The initial implementation of the module testing language included some
elements deeply embedded inside "package terraform", which is primarily
concerned with the traditional Terraform language, which we might now call
the "module language" to distinguish it from the test language and the
stacks language.
That was a reasonable design decision due to the modules runtime needing
to evaluate some expressions in a similar way to how the modules language
does it, but unfortunately it caused the test language runtime to depend
a little too closely on some current implementation details of how the
modules runtime deals with expression evaluation, and those details are
about to change as we teach Terraform to be able to deal with unknown
values in new places, as part of resolving this issue:
https://github.com/hashicorp/terraform/issues/30937
This commit therefore refactors the test runtime a little so that it
doesn't intrude so deeply into the module runtime's business. Instead of
directly extending the module runtime's expression evaluator, we'll
instead call into it in a similar way to how the "terraform console"

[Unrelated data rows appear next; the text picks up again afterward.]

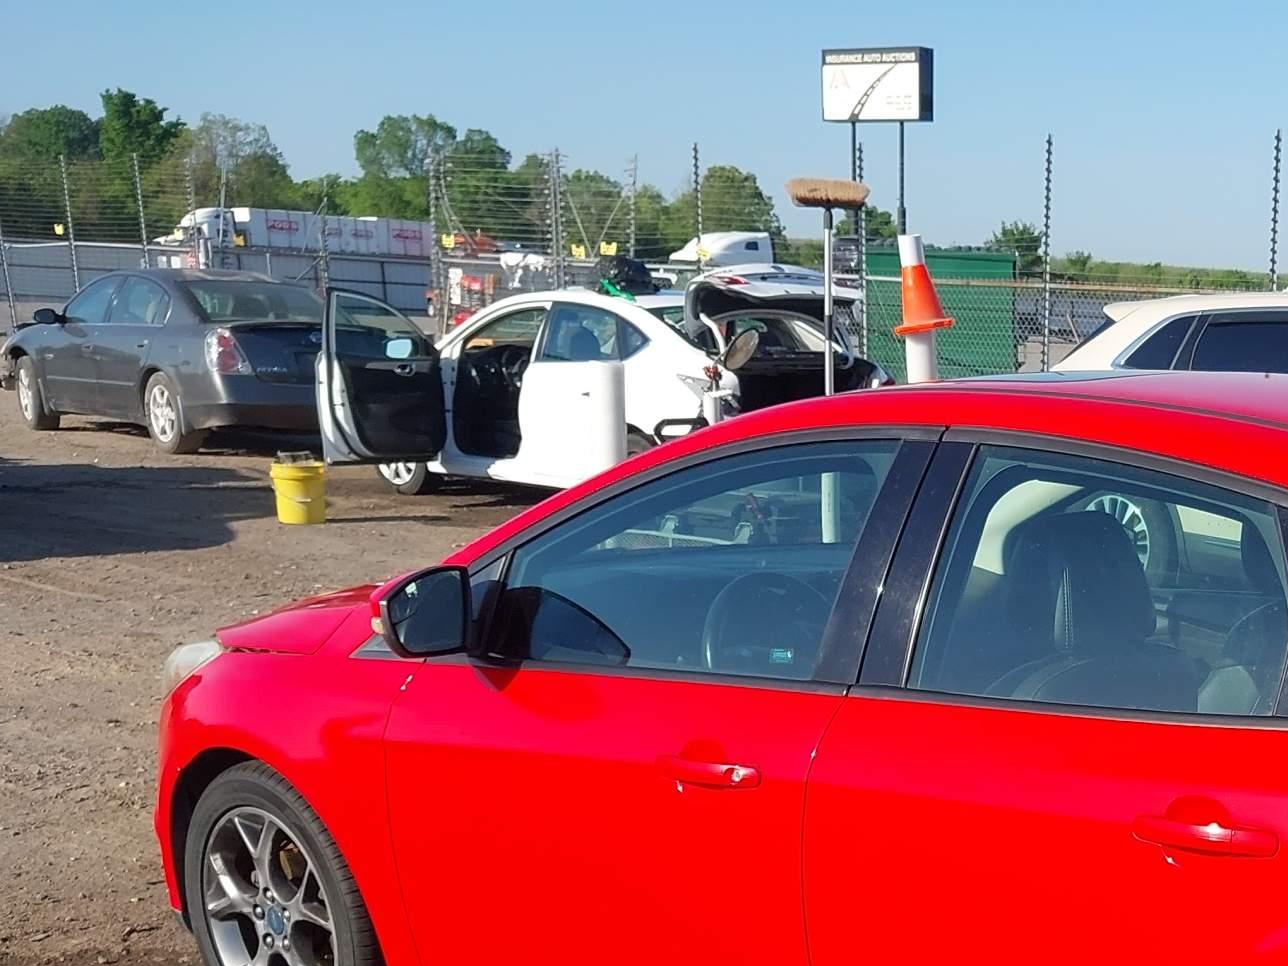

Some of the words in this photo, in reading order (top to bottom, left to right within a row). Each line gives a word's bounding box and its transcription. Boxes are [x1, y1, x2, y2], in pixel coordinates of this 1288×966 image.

[825, 54, 863, 64] INSURANCE
[864, 53, 881, 63] AUTO
[882, 52, 916, 62] AUCTIONS
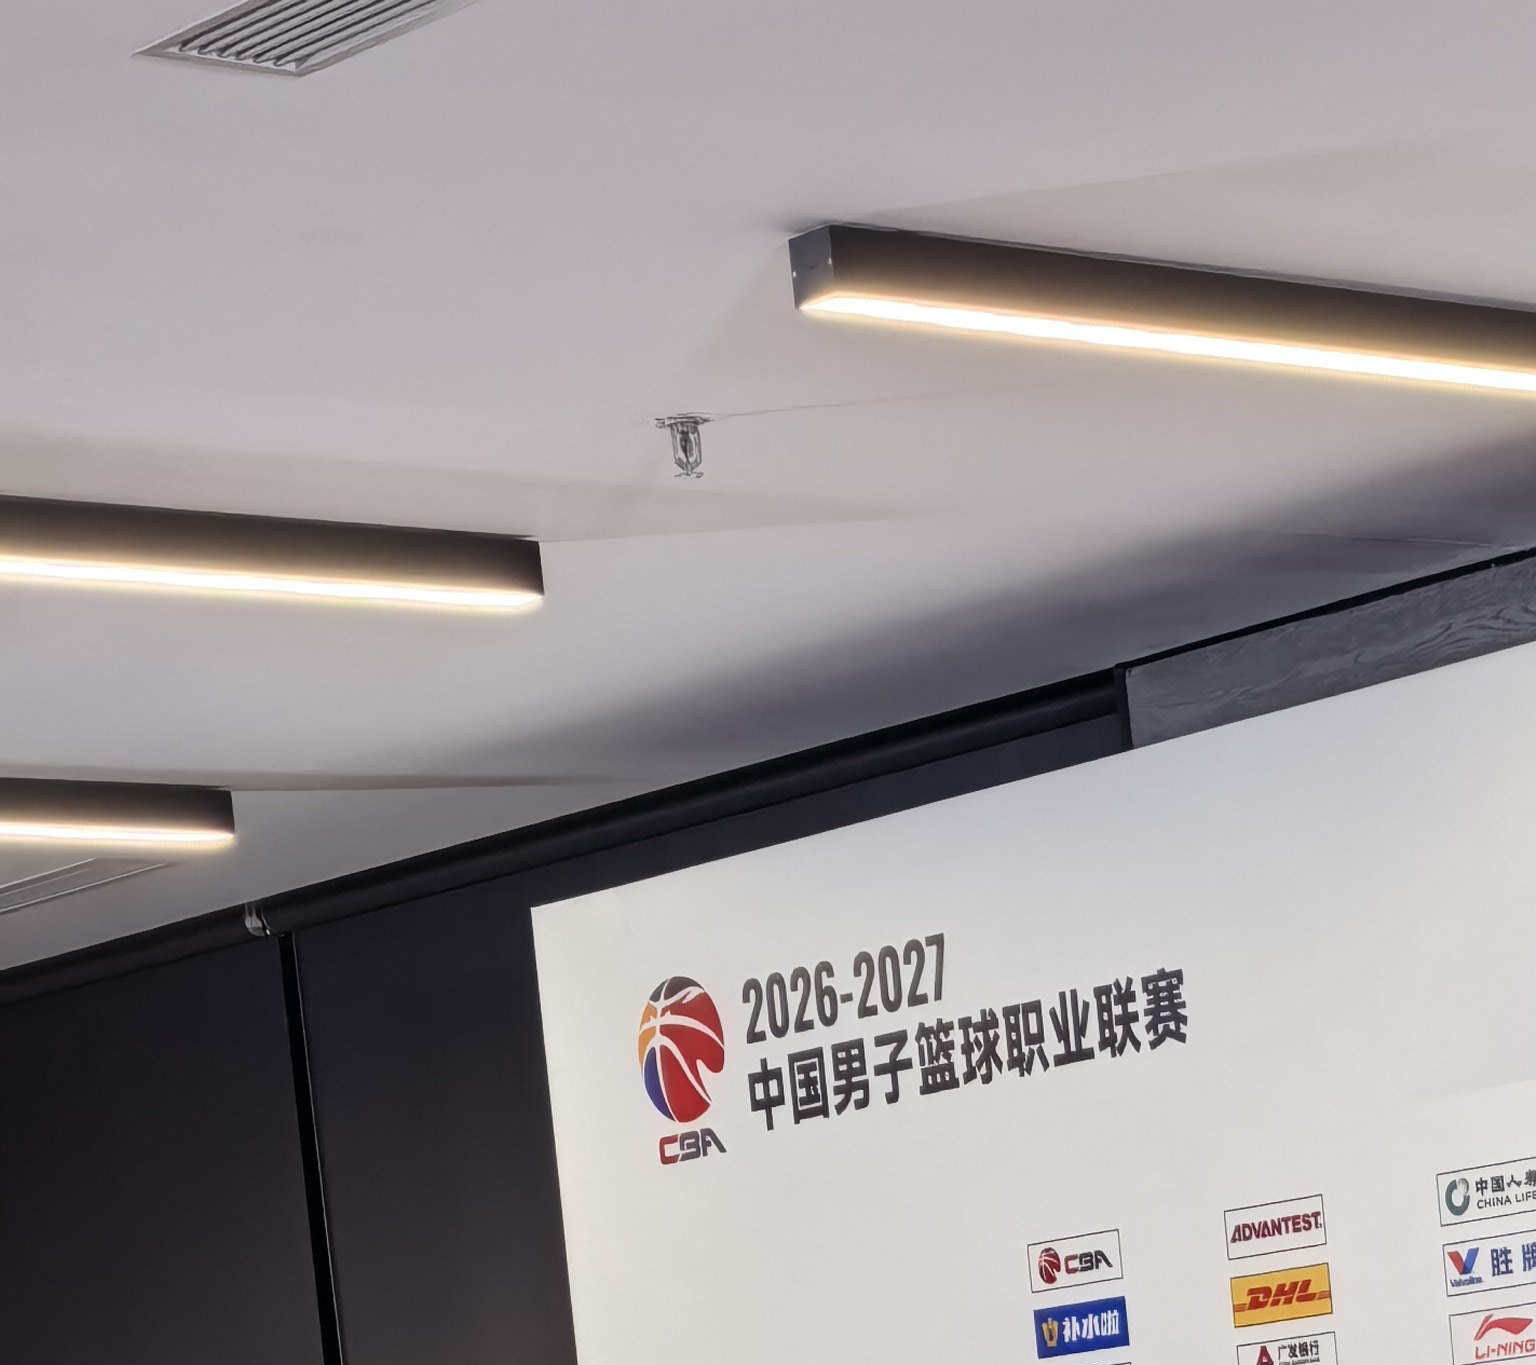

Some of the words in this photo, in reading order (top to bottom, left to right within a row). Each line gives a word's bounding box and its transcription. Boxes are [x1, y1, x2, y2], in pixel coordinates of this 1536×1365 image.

[742, 932, 945, 1044] 2026-2027
[748, 967, 1190, 1131] 中国男子篮球职业联赛
[659, 1127, 726, 1166] CBA
[1476, 1194, 1512, 1210] CHINA
[1231, 1210, 1322, 1243] ADVANTEST
[1064, 1250, 1113, 1275] CBA
[1246, 1279, 1318, 1310] DHL
[1062, 1309, 1120, 1343] 补水啦
[1474, 1339, 1536, 1360] LI-NING
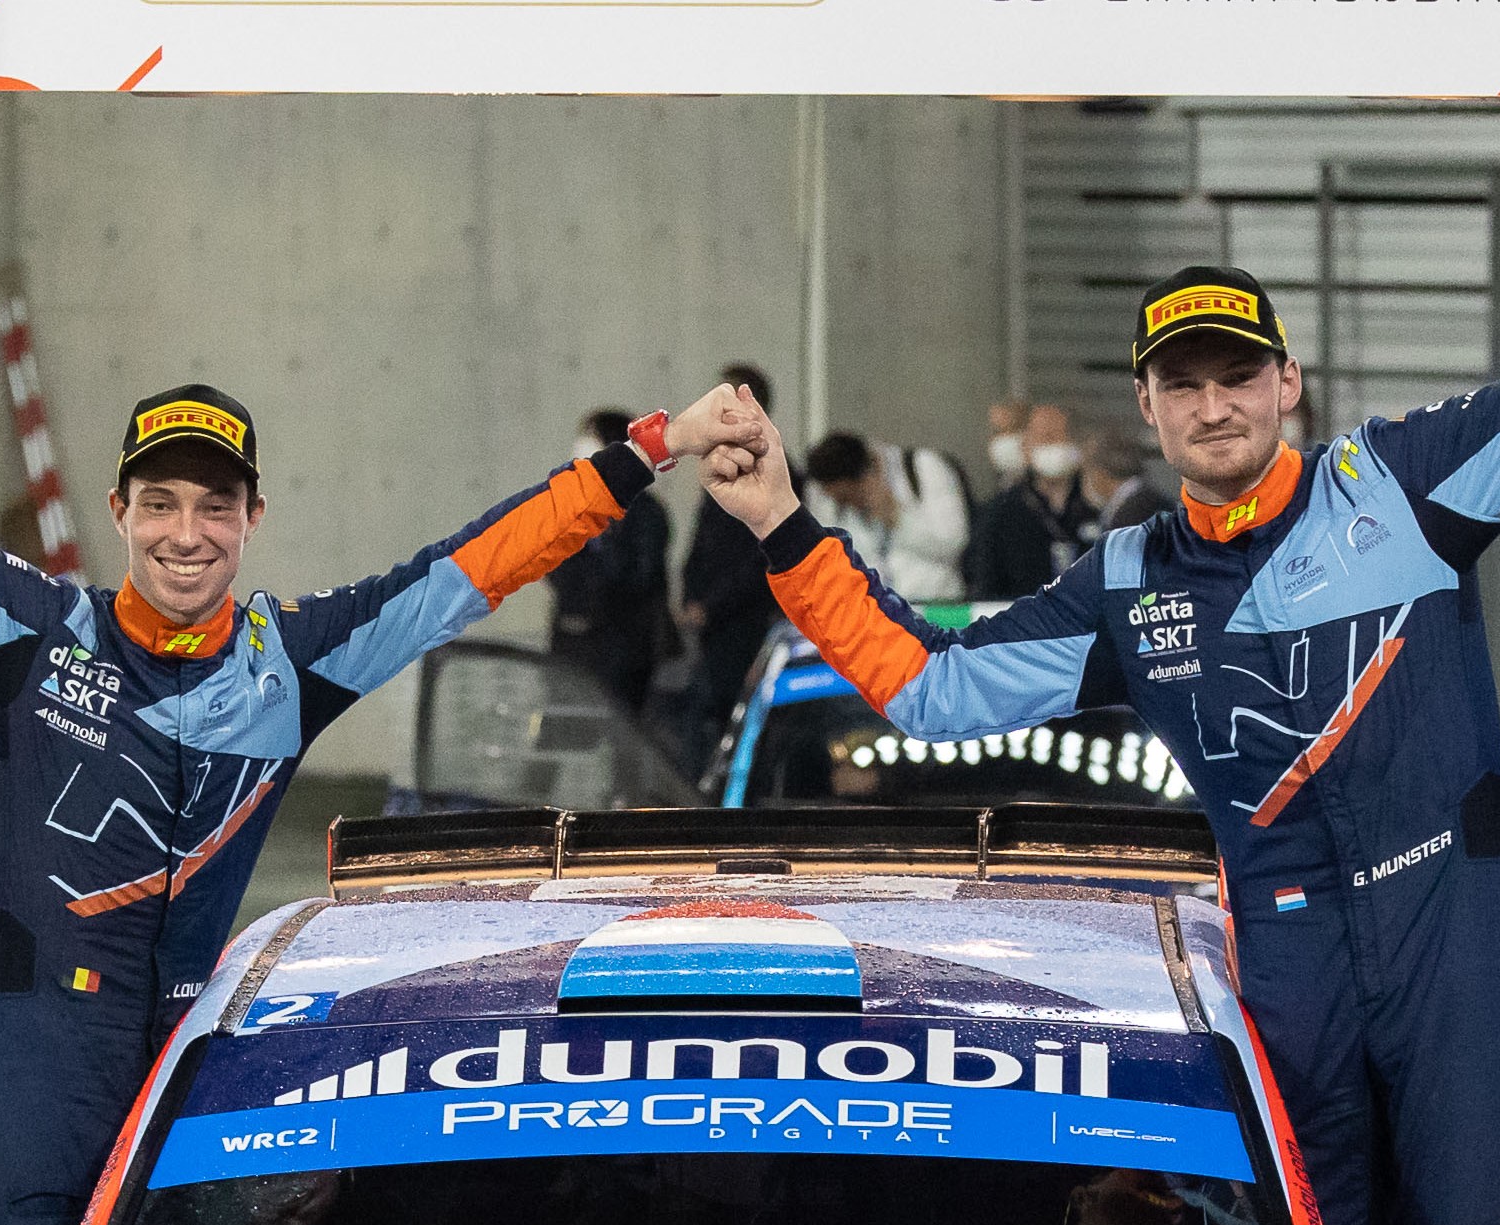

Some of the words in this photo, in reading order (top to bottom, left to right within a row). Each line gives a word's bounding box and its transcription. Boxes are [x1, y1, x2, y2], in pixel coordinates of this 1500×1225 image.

[1152, 292, 1250, 326] PIRELLI
[142, 406, 240, 442] PIRELLI
[1284, 564, 1325, 592] HYUNDAI
[1152, 624, 1197, 651] SKT
[1155, 658, 1201, 680] dumobil
[61, 679, 117, 717] SKT
[47, 709, 108, 747] dumobil
[1353, 871, 1369, 888] G.
[1372, 830, 1452, 882] MUNSTER
[429, 1028, 1109, 1098] dumobil
[221, 1127, 319, 1153] WRC2
[708, 1126, 950, 1145] DIGITAL
[1069, 1125, 1177, 1144] WRC.com

command does, by wrapping the evaluation data produced by the module
runtime to extend it with the only two special things that the test
runtime needs: references to the output values of previous runs, and
references to test-only variables that aren't declared as part of the
module under test.
This effectively means that the test runtime can now evaluate a superset
of the expressions that would be valid in the global scope of the module
under test using only the public API of the modules runtime, with no
testing-specific evaluation logic embedded inside the modules runtime.
This new strategy is also somewhat similar to how the stacks runtime calls
into the modules runtime to evaluate components, but the stacks runtime
only actually cares about output values and so doesn't need a full
evaluation scope. This means the result here is a little more symmetrical
with the approach we took in stacks, which will hopefully allow experience
working on one to translate better to the other.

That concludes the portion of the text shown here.